Primary Account Number (PAN) Mask
This mask was designed to mask Primary Account Numbers (PANs) which includes credit cards.
Specifically, this mask will randomize the numeric digits of a PAN and correctly set the check digit according to the Luhn algorithm.
The PAN length and format of the original value is always preserved.
You can specify how many digits from the left shall be preserved. This counts only digits and not any formatting characters. The default is 6 which typically corresponds to the Institution Identification Number or sometimes simply referred to as the "card prefix".
For example, if the preserve digit count is 6 and the original value is '4685-2421-1836-5024' then '4685-24' shall be preserved and the remaining digits shall be randomized.
Preserving PAN prefixes is very useful because it will ensure that the exact same issuers (e.g. Visa, MasterCard, American Express, etc) and their statistical distributions that exist in your original data shall be preserved in your masked data. If these are not preserved then it has the potential to alter the performance characteristics of your application that uses the masked data; for example, some issuer gateways may be less efficient than others and some may not get exercised at all.
Preserve invalid PAN's
If his option is enabled then any value that is not a valid PAN shall be preserved.
A valid PAN contains 14 or 16 digits and the last digit must be a valid Luhn check digit.
This setting can be very useful to ensure that any invalid PAN's are preserved so that they can be detected in case they are causing problems in a production environment. Invalid PAN's are not sensitive because they are not valid and therefore not useable in the real world.
When the PAN mask is operating in a deterministic manner every distinct original PAN will be masked to a distinct masked PAN. This shall be repeatable every time the PAN mask is executed provided that the same configuration and deterministic seed is used.
This means that a specific original PAN value shall be masked consistently across different databases or upon repeated masking executions.
The 'Non-Deterministic parameters' section of the mask panel are not applicable and will therefore be disabled.
Non-deterministic PAN's are generated on the basis of a sequence number.
Specifically, the PAN is assembled using: the preserved prefix (if any, see "Preserve Prefix" topic above), followed by zero-padded sequence number, followed by a Luhn check digit calculated for all preceding digits.

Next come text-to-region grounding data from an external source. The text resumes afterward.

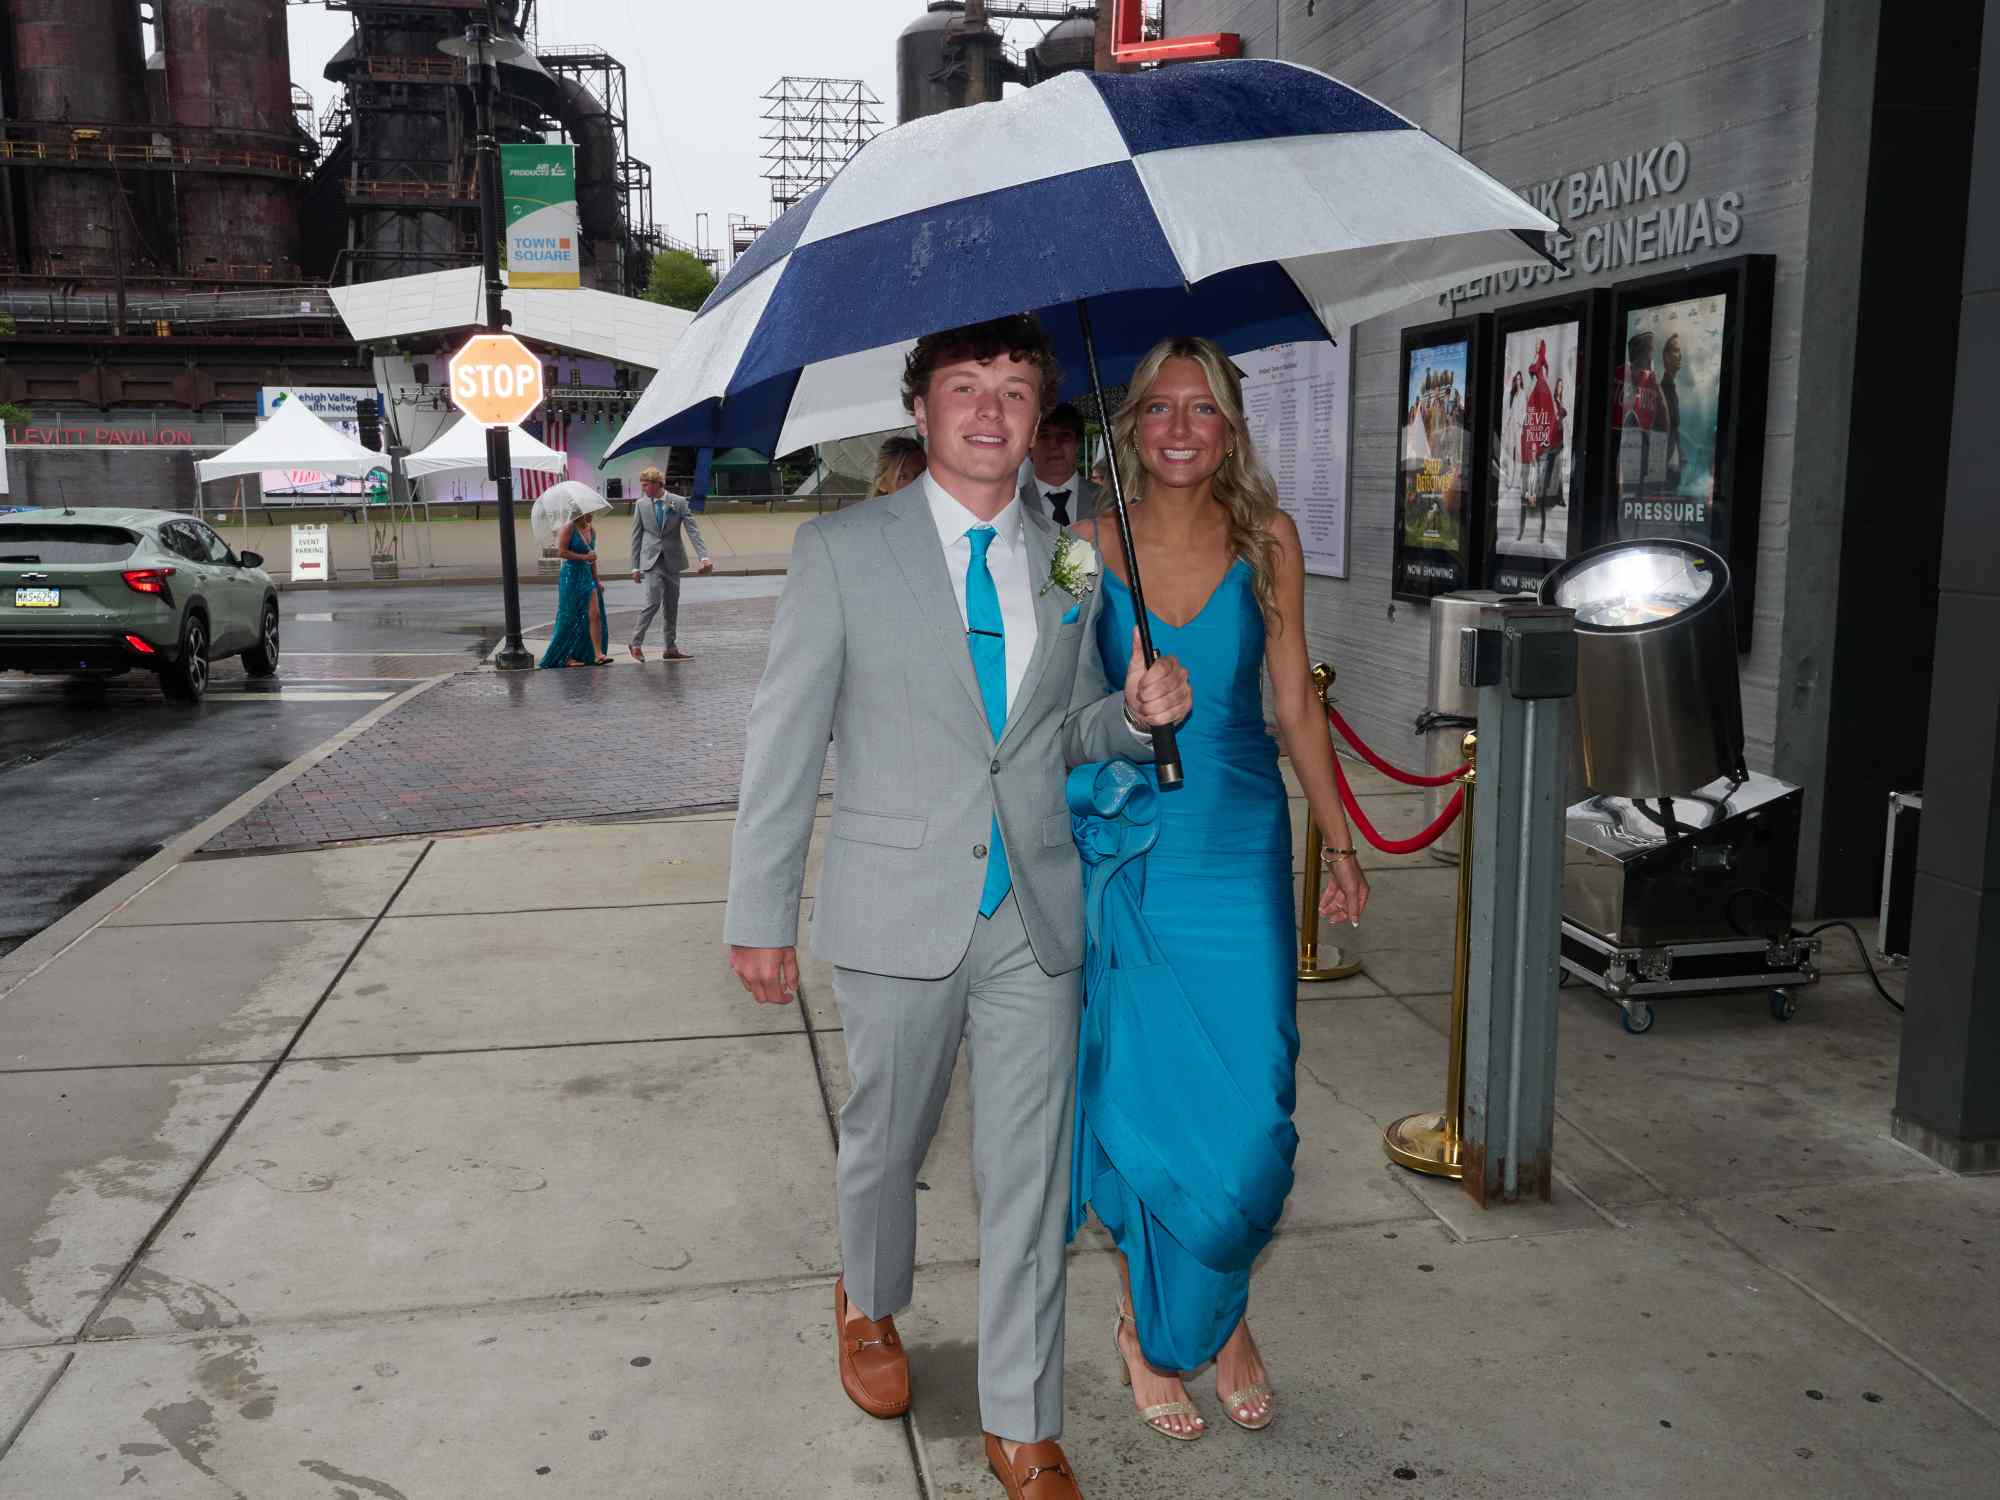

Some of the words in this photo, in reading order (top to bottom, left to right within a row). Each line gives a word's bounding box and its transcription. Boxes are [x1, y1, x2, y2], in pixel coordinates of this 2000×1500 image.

[1568, 140, 1689, 219] BANKO
[1581, 192, 1744, 273] CINEMAS
[513, 237, 556, 249] TOWN
[513, 250, 572, 261] SQUARE
[458, 364, 535, 399] STOP
[298, 392, 326, 404] ehigh
[327, 393, 358, 404] Valley
[1524, 408, 1551, 426] DEVIL
[11, 427, 88, 446] LEVITT
[95, 426, 193, 446] PAVILION
[1624, 502, 1705, 522] PRESSURE
[1407, 565, 1422, 577] NOW
[1423, 565, 1454, 579] SHOWING
[1501, 576, 1518, 587] NOW

The first non-deterministic PAN mask shall start from the specified 'Default sequence number'. Any subsequent non-deterministic PAN mask in the same Column shall restart from its own 'Default sequence number' values unless its 'Continue sequence number' checkbox has been selected in which case it will start from the next number after the last number used by the previous non-deterministic PAN mask.
For example, if there are two consecutive non-deterministic PAN masks (because, say, the first mask specified a subset or rows using its Where condition) and the first mask masked 1,000,000 rows starting from sequence number 500, then the next non-deterministic mask (specifying 'Continue sequence numbers') shall start from 1,000,500. If the original PAN length was 16 and the first 6 digits being preserved were '468524', then the first PAN generated by the second mask would be '4685240010005003' (the last digit '3' is the automatically generated Luhn check digit). The sequence number portion is zero-padded on the left if necessary to preserve the original PAN length.
The masked PAN value for a specific original PAN value is unpredictable when non-deterministic; even on repeated execution for the same database. If you are masking multiple databases where each contains an identical PAN then it is almost certain that the masked PAN values will be different for the same original PAN value in each masked database. If you need a specific original PAN to be masked consistently to the same masked value (or a one-to-one relationship) then deterministic mode should be used.
The original format of every individual PAN value shall be automatically preserved.
For example, if a PAN value has its digits separated by hyphens then the masked value shall also be separated by hyphens in precisely the same way. Every individual row's format is examined and preserved. Therefore an original PAN "4685-2421-1836-5024" could be masked to "4685-2466-8495-3279" (hyphens preserved).
This preserves the idiosyncrasies of the original data and therefore maximizes the usefulness of the masked data.
For example, if your production data contains some unusual PAN formatting in some rows that are causing problems then these shall be preserved in the masked data so that these problems can be reproduced in a development or test environment.